The light rain outside could not dampen the excitement in the Petersen Events Center on the morning of March 15 as graduating University of Pittsburgh School of Medicine students and their friends and families waited to find out where they’ll spend the next years of their lives.

With a countdown and balloon drop marking the moment, Pitt Med students opened the envelopes containing their residency placements at noon on the dot, along with thousands of other medical students across the country as part of the National Resident Matching Program Match Day 2024.

They will soon graduate with medical degrees, and their next step in becoming licensed to practice medicine is to complete training in a specialty during their residency.

In a video address to the students, Anantha Shekhar, senior vice chancellor for the health sciences and John and Gertrude Petersen Dean of the School of Medicine, said: “You and I started at Pitt Med at the same time in 2020.”

He went on: “You were also the unique class that started their first year during the COVID pandemic. You had to do most of your first year of medical school remotely. You also began at the time of George Floyd’s murder and the social unrest in this country.

He noted that this class was the first to create its own class oath, which emphasized the role of social determinants and health disparities in the country.

“I have the utmost respect for what you have accomplished as medical students, but also what I hope you will accomplish as future leaders of medicine,” he said.

In the months leading up to Match Day, students interview with specialty programs at different institutions. NRMP software uses an algorithm to “match” applicants to open residency slots in the programs. Students learn in advance whether they match but don’t know where until they open their envelopes.

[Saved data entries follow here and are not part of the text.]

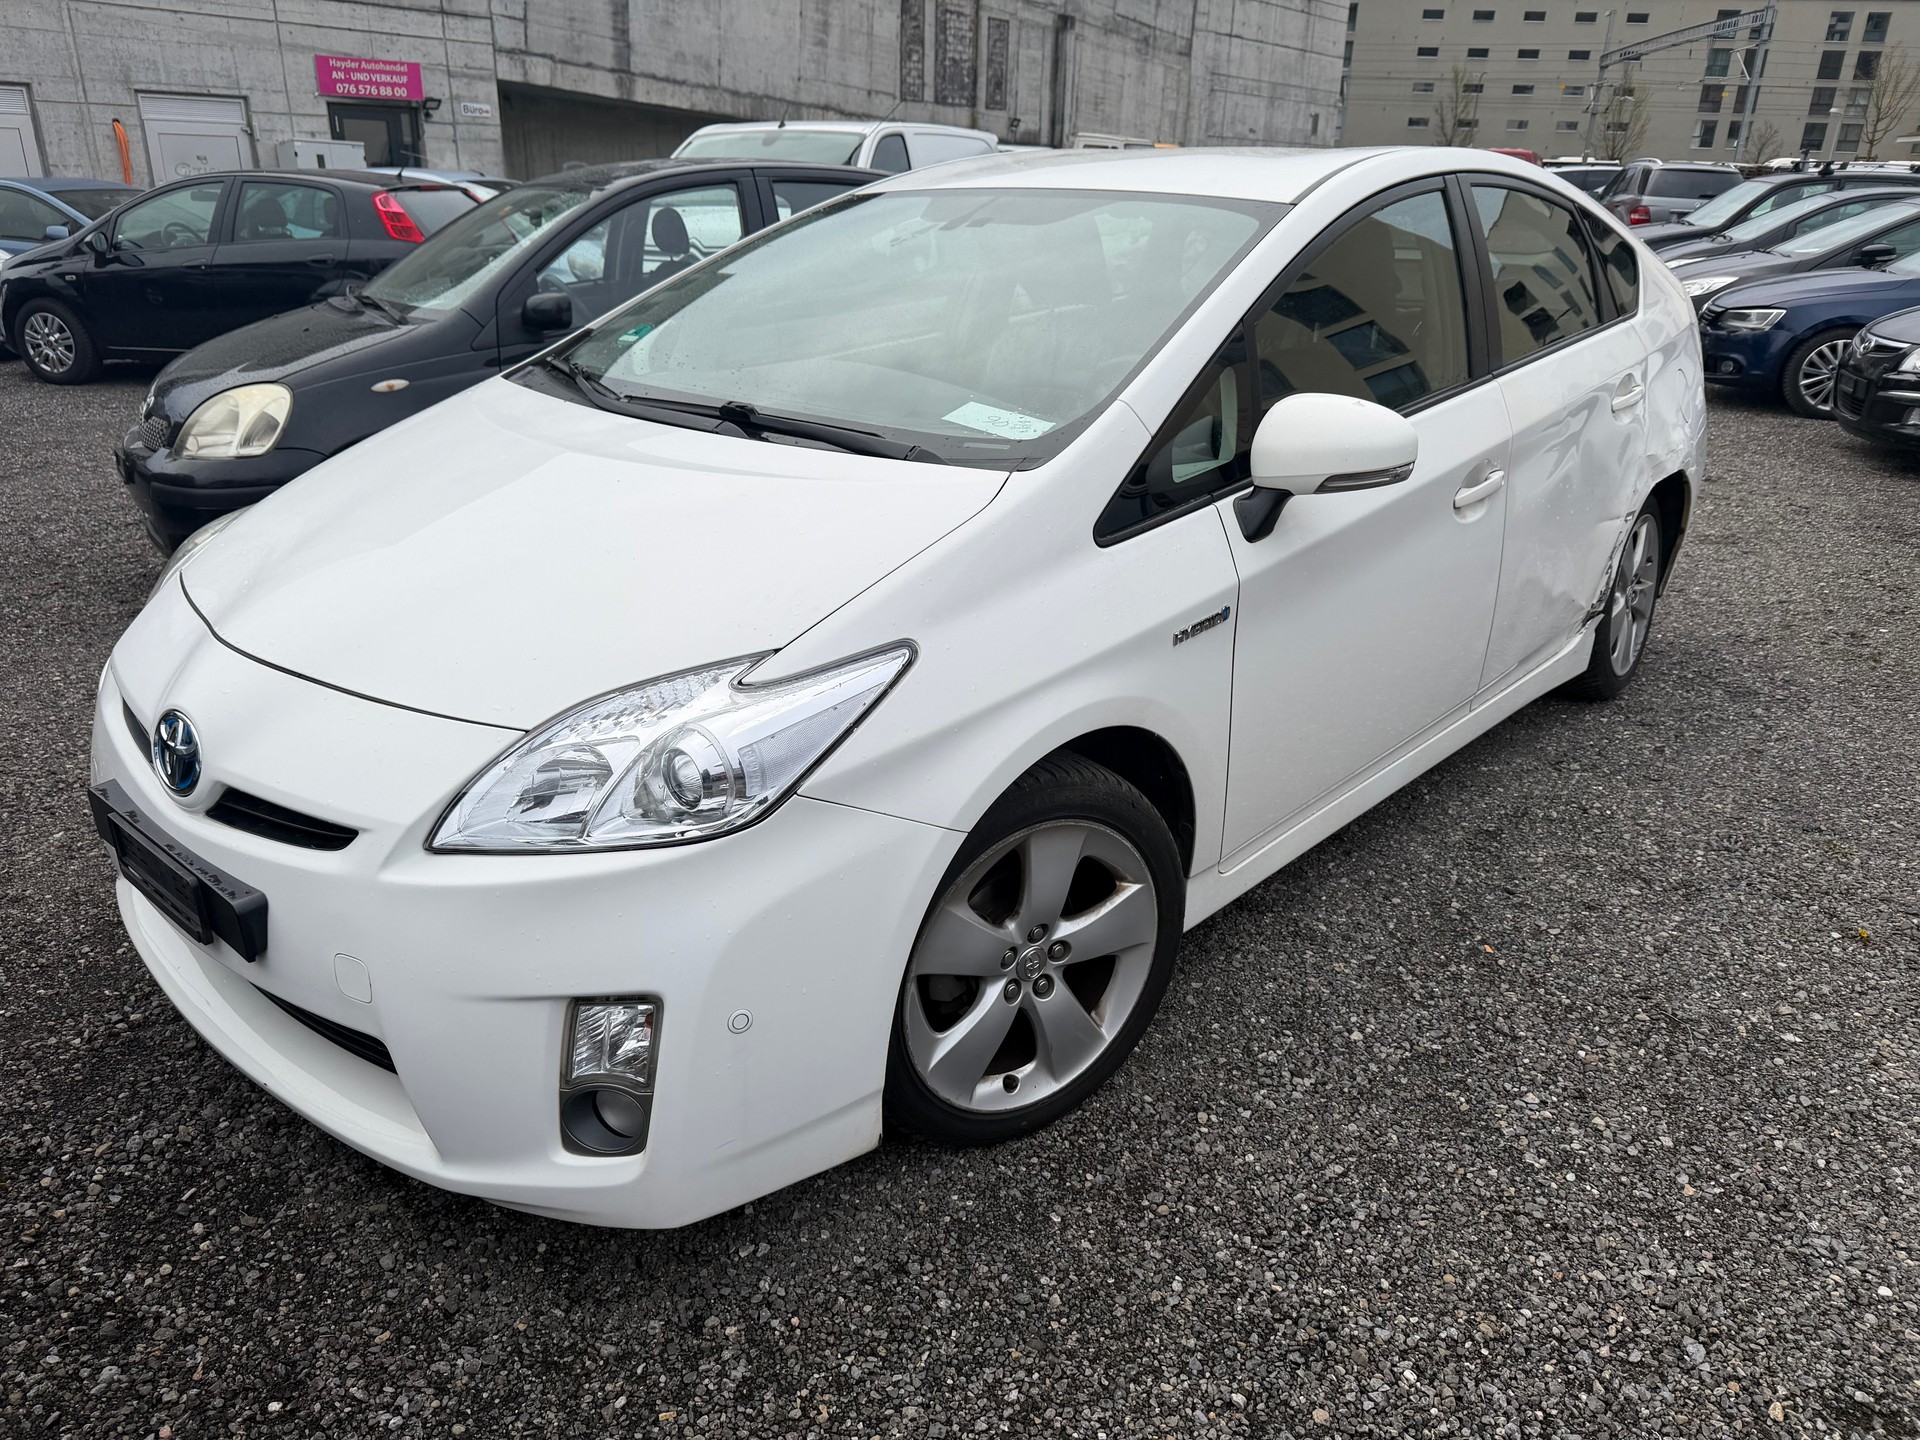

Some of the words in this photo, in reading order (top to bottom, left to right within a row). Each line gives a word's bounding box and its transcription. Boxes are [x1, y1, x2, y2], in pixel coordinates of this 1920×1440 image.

[329, 58, 359, 70] Hayder
[361, 61, 408, 72] Autohandel
[332, 71, 344, 80] AN
[351, 72, 370, 82] UND
[371, 74, 408, 84] VERKAUF
[336, 83, 356, 94] 076
[358, 84, 378, 95] 576
[380, 86, 393, 96] 88
[394, 87, 407, 97] 00
[463, 104, 484, 115] Büro
[1173, 609, 1227, 647] HYBRID
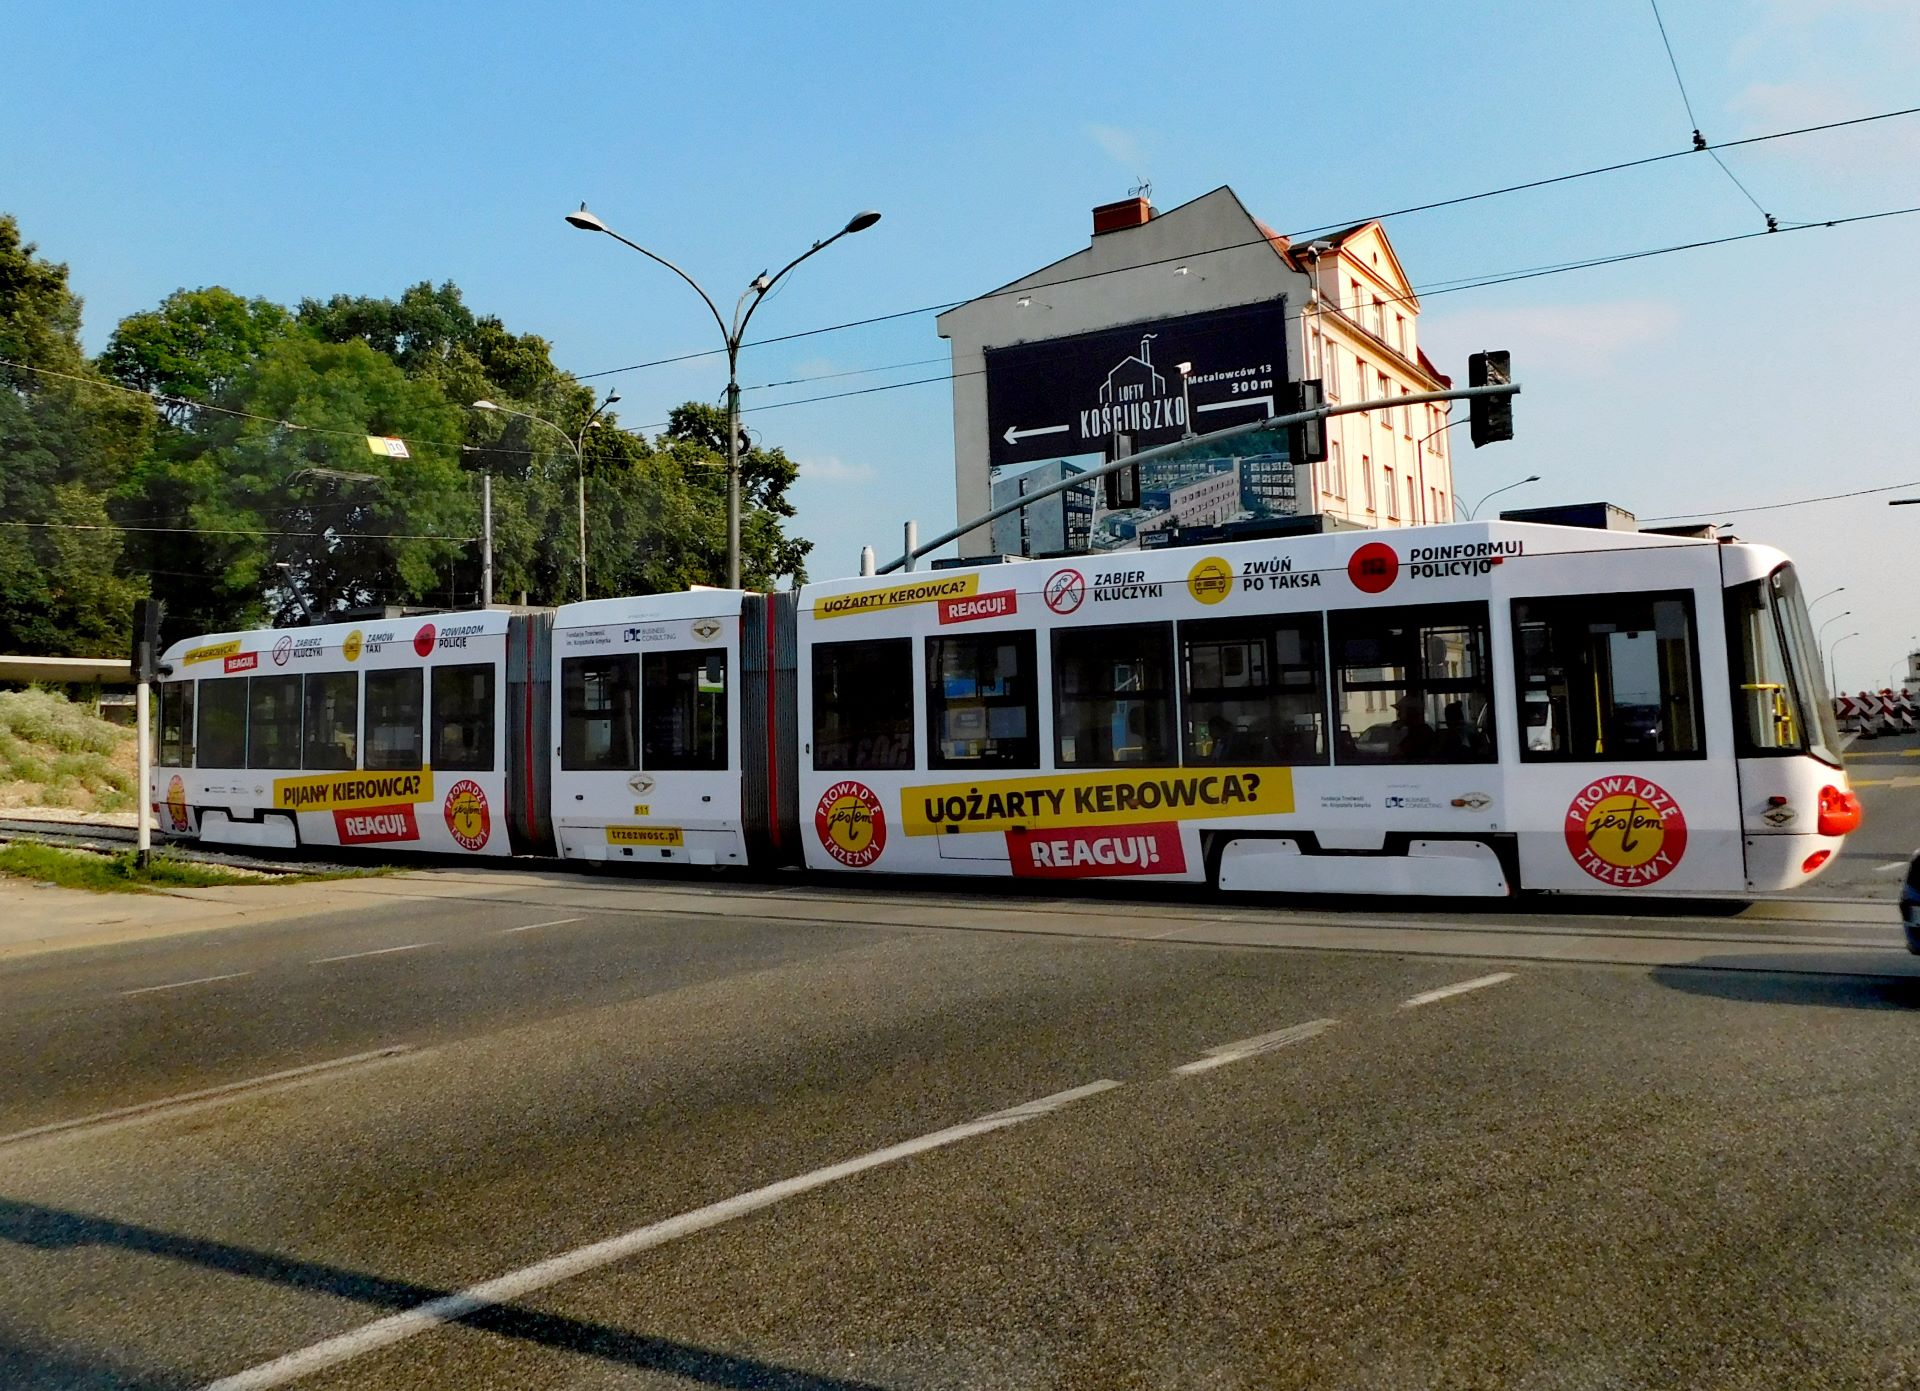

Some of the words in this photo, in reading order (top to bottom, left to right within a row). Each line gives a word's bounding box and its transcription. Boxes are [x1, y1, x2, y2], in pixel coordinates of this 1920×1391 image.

[1187, 367, 1256, 384] Metalowców
[1259, 364, 1272, 373] 13
[1119, 383, 1144, 402] LOFTY
[1231, 379, 1273, 393] 300m
[1080, 396, 1185, 439] KOŚCIUSZKO
[1410, 540, 1523, 562] POINFORMUJ
[1243, 577, 1264, 591] PO
[1269, 573, 1321, 589] TAKSA
[824, 593, 886, 613] UOŻARTY
[889, 581, 966, 603] KEROWCA?
[1094, 585, 1163, 602] KLUCZYKI
[948, 596, 1007, 618] REAGUJ!
[366, 631, 395, 643] ZAMÓW
[440, 625, 484, 637] POWIADOM
[293, 647, 323, 658] KLUCZYKI
[294, 638, 322, 647] ZABIERZ
[365, 643, 381, 653] TAXI
[283, 783, 330, 807] PIJANY
[332, 775, 421, 801] KIEROWCA?
[925, 788, 1065, 823] UOŻARTY
[1074, 773, 1261, 814] KEROWCA?
[345, 813, 407, 837] REAGUJ!
[828, 799, 873, 841] jestem
[1586, 798, 1663, 853] jestem
[611, 829, 679, 843] trzezwosc.pl
[1030, 835, 1160, 869] REAGUJ!

According to the NRMP, this was the largest match in its 70-year history, with a record number of 42,952 applicants who certified a rank order list and 40,375 certified positions.

Pitt Med’s Class of 2024 had exceptional results—according to Alda Maria Gonzaga, professor of medicine and pediatrics and associate dean for student affairs, 98% of this year’s  senior medical students who sought matches were successful. The national rate for MD seniors was 93.7%, the NRMP reported.

The largest group of Pitt students will be going into primary care – 32%. Hospital-based specialties are the second leading category, accounting for 26%, followed by 19% in surgery.

Many of the students will be staying in Pittsburgh, with at least 40 going to UPMC.

Among those is the class president, Savannah Tollefson, who matched for obstetrics and gynecology. She is from Richmond, Virginia, but has spent the last 10 years in Pittsburgh and calls herself an “adopted native.” She said the day represented “the culmination of people’s years of hard work.”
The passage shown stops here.